### TASK DATA ###

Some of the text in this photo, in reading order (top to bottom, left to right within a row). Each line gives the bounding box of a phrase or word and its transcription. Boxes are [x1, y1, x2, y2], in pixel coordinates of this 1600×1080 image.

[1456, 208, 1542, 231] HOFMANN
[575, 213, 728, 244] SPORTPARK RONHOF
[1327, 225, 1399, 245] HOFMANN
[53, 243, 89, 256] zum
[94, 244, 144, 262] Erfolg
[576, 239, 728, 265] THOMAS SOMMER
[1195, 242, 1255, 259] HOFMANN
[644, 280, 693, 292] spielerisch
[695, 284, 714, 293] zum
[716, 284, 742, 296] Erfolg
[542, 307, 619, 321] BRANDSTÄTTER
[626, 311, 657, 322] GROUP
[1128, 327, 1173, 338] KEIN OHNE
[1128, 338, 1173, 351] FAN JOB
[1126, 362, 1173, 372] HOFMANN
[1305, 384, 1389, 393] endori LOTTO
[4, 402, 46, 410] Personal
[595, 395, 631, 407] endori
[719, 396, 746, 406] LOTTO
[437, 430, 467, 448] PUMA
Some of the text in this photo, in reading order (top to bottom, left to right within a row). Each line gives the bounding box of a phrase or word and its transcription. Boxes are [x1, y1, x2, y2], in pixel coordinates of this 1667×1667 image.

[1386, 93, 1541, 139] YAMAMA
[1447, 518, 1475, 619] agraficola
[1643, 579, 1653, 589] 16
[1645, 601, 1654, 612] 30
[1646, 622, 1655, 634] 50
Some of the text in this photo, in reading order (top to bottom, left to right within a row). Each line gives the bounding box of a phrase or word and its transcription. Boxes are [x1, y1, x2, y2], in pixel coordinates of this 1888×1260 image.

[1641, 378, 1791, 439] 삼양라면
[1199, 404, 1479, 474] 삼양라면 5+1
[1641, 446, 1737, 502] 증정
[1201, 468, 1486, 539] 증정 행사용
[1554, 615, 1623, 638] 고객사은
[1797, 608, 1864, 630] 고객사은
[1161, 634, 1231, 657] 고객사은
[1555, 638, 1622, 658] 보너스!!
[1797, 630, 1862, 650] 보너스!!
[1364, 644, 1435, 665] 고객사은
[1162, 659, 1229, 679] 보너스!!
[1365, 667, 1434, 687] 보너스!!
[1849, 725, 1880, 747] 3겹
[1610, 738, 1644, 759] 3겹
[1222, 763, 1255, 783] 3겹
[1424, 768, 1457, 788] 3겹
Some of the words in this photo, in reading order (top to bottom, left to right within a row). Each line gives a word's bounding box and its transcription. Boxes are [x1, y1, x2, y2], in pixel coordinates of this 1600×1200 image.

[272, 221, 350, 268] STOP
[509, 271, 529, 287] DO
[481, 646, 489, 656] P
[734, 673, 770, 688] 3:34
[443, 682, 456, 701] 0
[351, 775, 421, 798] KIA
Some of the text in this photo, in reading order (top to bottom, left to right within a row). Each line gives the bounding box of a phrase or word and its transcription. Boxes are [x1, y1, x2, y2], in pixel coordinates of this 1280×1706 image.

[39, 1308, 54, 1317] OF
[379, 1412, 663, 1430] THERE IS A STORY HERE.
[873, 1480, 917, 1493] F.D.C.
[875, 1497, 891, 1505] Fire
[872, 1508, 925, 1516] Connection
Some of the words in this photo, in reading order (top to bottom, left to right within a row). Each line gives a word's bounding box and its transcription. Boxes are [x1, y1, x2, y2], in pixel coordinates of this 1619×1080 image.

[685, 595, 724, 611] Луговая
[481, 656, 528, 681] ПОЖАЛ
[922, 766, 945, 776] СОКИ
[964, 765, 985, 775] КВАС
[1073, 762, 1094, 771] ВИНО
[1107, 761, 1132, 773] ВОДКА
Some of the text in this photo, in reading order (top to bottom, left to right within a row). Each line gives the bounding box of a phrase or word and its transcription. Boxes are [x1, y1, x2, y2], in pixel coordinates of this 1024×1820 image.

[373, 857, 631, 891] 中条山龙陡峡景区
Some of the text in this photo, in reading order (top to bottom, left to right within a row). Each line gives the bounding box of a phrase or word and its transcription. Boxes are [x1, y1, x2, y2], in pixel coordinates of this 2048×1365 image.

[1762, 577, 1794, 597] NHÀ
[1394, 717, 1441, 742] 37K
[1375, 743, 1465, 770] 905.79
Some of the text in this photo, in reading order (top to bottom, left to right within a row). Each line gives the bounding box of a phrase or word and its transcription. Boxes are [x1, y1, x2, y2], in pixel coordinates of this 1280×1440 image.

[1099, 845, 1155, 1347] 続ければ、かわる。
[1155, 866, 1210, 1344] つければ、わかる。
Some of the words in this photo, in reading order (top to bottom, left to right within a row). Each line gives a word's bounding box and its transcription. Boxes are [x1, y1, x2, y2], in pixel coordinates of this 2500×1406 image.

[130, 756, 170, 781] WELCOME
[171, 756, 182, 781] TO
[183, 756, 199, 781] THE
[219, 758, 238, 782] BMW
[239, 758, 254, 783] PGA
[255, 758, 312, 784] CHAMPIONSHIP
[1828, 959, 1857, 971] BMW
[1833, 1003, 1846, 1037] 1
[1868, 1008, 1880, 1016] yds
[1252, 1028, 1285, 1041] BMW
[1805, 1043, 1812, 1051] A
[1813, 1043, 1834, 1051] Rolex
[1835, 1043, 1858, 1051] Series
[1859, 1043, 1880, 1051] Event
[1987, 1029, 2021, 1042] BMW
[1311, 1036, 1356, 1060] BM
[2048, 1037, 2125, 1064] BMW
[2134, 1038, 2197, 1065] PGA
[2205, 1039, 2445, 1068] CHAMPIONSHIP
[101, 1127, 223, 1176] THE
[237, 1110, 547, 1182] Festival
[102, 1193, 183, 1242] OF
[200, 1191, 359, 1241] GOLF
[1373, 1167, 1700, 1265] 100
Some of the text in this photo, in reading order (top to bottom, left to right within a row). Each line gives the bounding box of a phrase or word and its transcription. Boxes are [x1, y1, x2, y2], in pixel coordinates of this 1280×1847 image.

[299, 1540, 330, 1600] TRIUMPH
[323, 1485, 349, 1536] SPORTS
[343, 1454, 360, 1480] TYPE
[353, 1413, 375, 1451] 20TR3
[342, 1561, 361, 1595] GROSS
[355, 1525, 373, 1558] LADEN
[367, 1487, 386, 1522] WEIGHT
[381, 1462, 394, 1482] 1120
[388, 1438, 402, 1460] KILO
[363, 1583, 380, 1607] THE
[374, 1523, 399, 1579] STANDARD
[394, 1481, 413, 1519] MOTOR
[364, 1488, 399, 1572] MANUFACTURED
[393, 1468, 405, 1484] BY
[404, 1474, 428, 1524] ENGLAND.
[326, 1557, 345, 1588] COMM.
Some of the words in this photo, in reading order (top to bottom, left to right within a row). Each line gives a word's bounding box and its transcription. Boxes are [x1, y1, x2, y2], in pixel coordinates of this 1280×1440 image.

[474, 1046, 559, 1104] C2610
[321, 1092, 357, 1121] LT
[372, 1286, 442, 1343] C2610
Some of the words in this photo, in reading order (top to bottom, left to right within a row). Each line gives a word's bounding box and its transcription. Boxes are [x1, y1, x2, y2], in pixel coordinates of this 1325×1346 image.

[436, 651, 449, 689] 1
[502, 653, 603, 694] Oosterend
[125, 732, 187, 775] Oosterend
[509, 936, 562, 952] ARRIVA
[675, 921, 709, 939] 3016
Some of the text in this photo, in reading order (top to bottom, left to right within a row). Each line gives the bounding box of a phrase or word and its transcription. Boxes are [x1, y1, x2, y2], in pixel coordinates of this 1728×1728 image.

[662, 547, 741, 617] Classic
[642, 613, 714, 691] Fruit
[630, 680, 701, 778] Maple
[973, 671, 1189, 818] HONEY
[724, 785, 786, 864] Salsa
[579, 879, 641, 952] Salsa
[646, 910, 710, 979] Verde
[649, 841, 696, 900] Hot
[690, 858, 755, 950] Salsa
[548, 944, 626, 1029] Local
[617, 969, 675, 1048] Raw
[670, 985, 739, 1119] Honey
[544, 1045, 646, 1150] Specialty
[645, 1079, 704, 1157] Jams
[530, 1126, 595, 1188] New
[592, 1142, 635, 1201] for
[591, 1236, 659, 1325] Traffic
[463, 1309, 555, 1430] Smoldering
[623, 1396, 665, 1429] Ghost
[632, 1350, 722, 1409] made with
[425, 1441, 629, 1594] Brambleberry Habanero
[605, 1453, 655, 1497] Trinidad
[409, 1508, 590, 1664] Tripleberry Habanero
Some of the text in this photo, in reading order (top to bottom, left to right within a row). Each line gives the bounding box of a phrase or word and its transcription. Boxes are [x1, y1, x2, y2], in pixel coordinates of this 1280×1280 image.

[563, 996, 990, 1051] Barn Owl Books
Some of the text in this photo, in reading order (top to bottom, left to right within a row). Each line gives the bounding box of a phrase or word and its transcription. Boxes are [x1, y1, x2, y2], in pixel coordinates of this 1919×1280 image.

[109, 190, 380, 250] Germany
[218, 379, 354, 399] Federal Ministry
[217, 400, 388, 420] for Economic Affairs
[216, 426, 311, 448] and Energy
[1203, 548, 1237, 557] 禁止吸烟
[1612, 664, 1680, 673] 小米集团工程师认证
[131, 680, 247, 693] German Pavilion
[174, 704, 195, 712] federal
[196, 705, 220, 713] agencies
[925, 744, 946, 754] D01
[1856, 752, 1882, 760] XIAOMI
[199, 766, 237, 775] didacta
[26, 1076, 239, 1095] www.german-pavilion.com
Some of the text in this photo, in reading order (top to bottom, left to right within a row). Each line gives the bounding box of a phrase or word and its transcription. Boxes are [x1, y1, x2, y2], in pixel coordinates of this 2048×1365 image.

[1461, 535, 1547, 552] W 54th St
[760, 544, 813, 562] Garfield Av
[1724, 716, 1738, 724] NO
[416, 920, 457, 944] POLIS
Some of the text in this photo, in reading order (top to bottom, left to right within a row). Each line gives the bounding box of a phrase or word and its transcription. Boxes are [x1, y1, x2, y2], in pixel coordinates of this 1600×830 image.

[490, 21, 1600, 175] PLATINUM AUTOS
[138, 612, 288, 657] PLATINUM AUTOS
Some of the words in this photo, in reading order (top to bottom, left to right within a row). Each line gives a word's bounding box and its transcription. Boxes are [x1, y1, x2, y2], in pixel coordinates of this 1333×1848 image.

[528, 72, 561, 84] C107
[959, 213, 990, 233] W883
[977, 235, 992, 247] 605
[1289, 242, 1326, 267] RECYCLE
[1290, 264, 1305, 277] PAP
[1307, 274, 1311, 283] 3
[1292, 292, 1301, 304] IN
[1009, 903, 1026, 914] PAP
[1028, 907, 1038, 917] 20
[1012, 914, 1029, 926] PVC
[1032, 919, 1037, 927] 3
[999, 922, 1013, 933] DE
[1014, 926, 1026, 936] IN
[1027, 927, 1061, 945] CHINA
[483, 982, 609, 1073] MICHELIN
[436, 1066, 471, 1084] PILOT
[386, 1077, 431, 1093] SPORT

###

TASK BRIEF:
Please retype, without any change, the line containing "this 1333×1848 image." and every line after it to the end of the entries above, and only those.

RESPONSE TO THE TASK:
Some of the words in this photo, in reading order (top to bottom, left to right within a row). Each line gives a word's bounding box and its transcription. Boxes are [x1, y1, x2, y2], in pixel coordinates of this 1333×1848 image.

[528, 72, 561, 84] C107
[959, 213, 990, 233] W883
[977, 235, 992, 247] 605
[1289, 242, 1326, 267] RECYCLE
[1290, 264, 1305, 277] PAP
[1307, 274, 1311, 283] 3
[1292, 292, 1301, 304] IN
[1009, 903, 1026, 914] PAP
[1028, 907, 1038, 917] 20
[1012, 914, 1029, 926] PVC
[1032, 919, 1037, 927] 3
[999, 922, 1013, 933] DE
[1014, 926, 1026, 936] IN
[1027, 927, 1061, 945] CHINA
[483, 982, 609, 1073] MICHELIN
[436, 1066, 471, 1084] PILOT
[386, 1077, 431, 1093] SPORT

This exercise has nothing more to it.